Records for processing below:
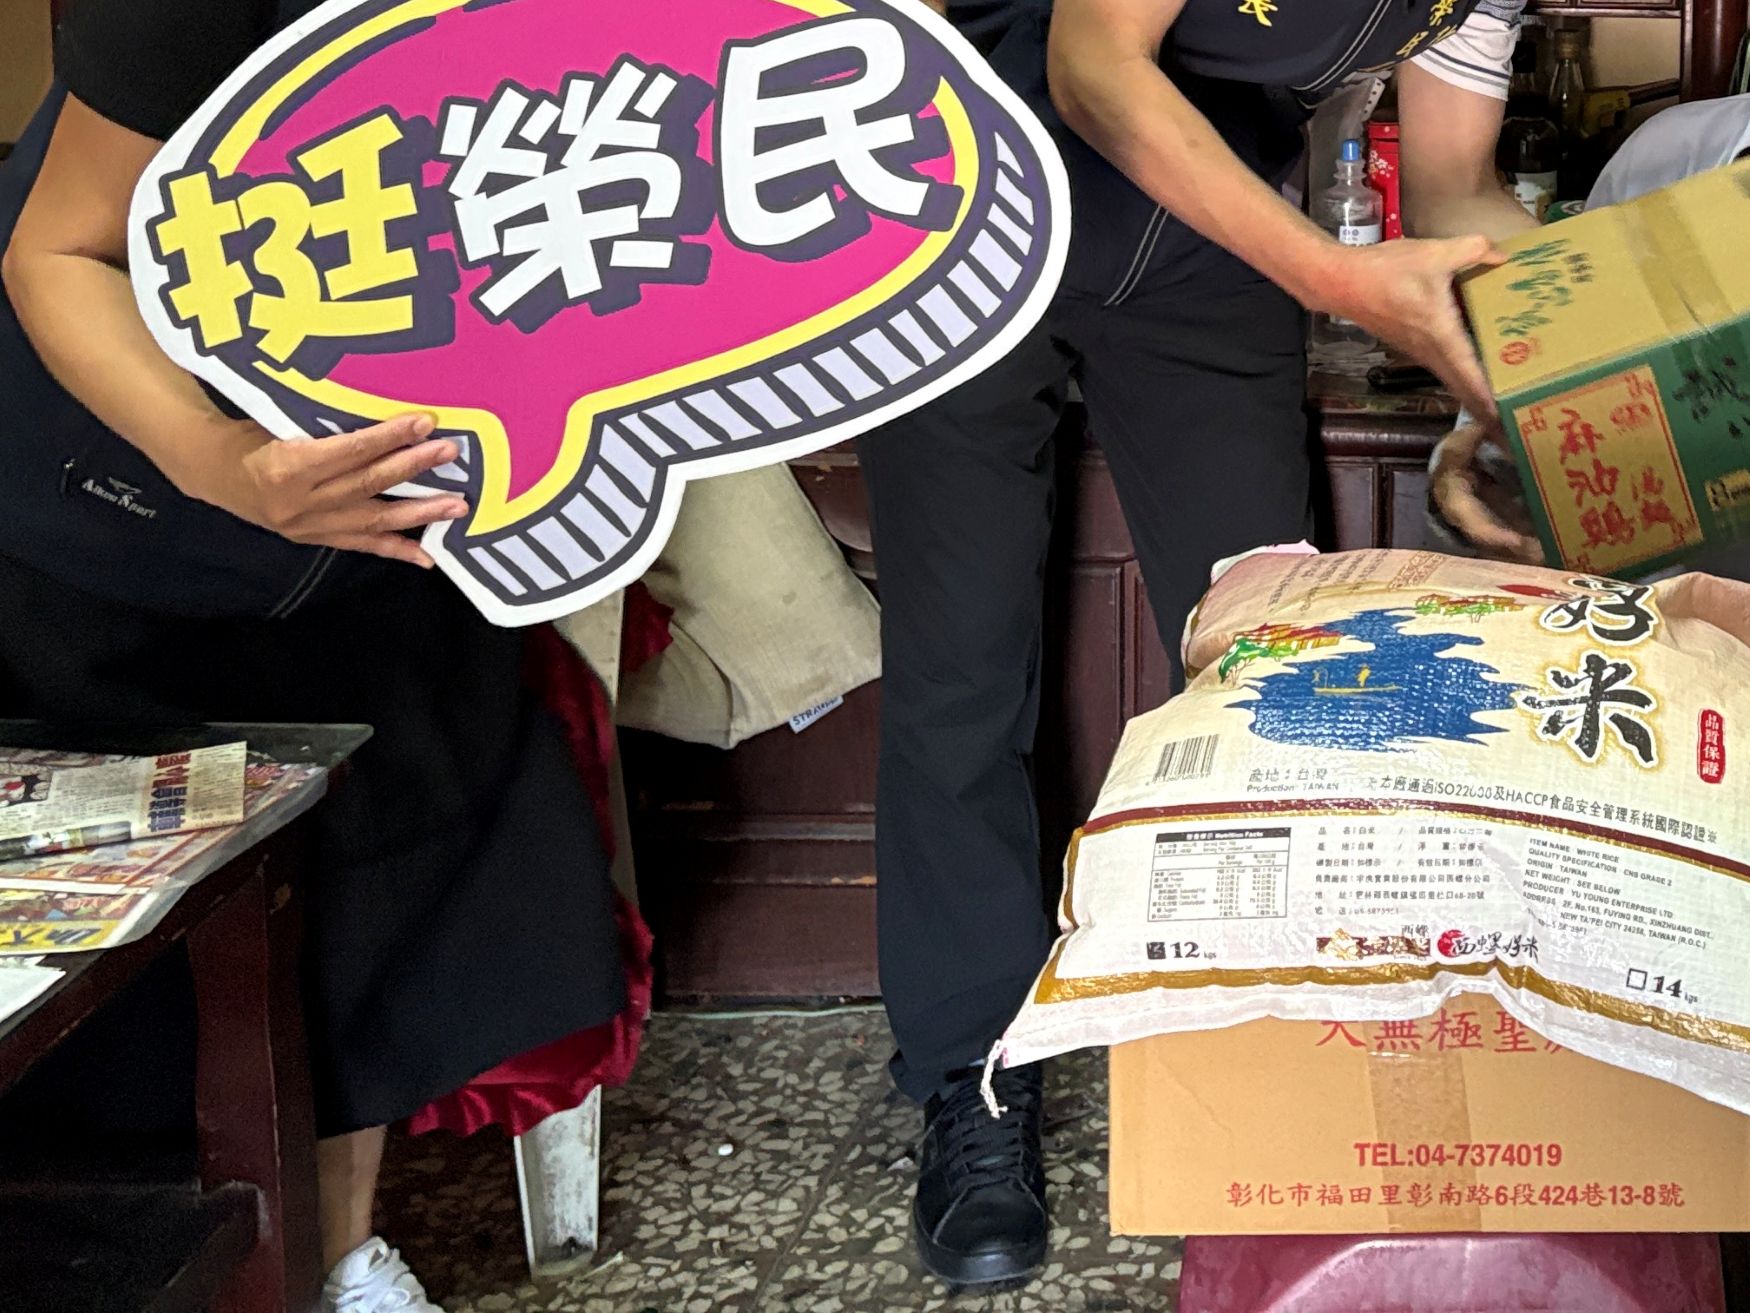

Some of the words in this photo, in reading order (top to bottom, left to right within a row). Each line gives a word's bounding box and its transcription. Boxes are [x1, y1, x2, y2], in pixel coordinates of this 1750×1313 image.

[158, 18, 932, 364] 挺榮民
[1522, 579, 1655, 764] 好米
[1702, 713, 1722, 778] 品質保證
[1529, 847, 1560, 861] QUALITY
[1562, 854, 1617, 873] SPECIFICATION
[1530, 838, 1548, 848] ITEM
[1577, 848, 1600, 859] WHITE
[1602, 853, 1619, 863] RICE
[1527, 858, 1552, 869] ORIGIN
[1560, 865, 1587, 877] TAIWAN
[1525, 869, 1539, 879] NET
[1541, 872, 1570, 885] WEIGHT
[1577, 879, 1591, 889] SEE
[1594, 882, 1620, 895] BELOW
[1523, 880, 1564, 895] PRODUCER
[1583, 892, 1609, 905] YOUNG
[1611, 899, 1657, 916] ENTERPRISE
[1560, 911, 1577, 921] NEW
[1604, 920, 1622, 931] CITY
[1170, 941, 1200, 959] 12
[1653, 975, 1682, 998] 14
[1354, 1143, 1562, 1167] TEL:04-7374019
[1225, 1182, 1685, 1208] 彰化市福田里彰南路6段424巷13-8號
End of Records for processing.
**Work to be completed**:
Leaving out the pictures, repeat all the entries exactly as they stand.

**Exercise output**:
Some of the words in this photo, in reading order (top to bottom, left to right within a row). Each line gives a word's bounding box and its transcription. Boxes are [x1, y1, x2, y2], in pixel coordinates of this 1750×1313 image.

[158, 18, 932, 364] 挺榮民
[1522, 579, 1655, 764] 好米
[1702, 713, 1722, 778] 品質保證
[1529, 847, 1560, 861] QUALITY
[1562, 854, 1617, 873] SPECIFICATION
[1530, 838, 1548, 848] ITEM
[1577, 848, 1600, 859] WHITE
[1602, 853, 1619, 863] RICE
[1527, 858, 1552, 869] ORIGIN
[1560, 865, 1587, 877] TAIWAN
[1525, 869, 1539, 879] NET
[1541, 872, 1570, 885] WEIGHT
[1577, 879, 1591, 889] SEE
[1594, 882, 1620, 895] BELOW
[1523, 880, 1564, 895] PRODUCER
[1583, 892, 1609, 905] YOUNG
[1611, 899, 1657, 916] ENTERPRISE
[1560, 911, 1577, 921] NEW
[1604, 920, 1622, 931] CITY
[1170, 941, 1200, 959] 12
[1653, 975, 1682, 998] 14
[1354, 1143, 1562, 1167] TEL:04-7374019
[1225, 1182, 1685, 1208] 彰化市福田里彰南路6段424巷13-8號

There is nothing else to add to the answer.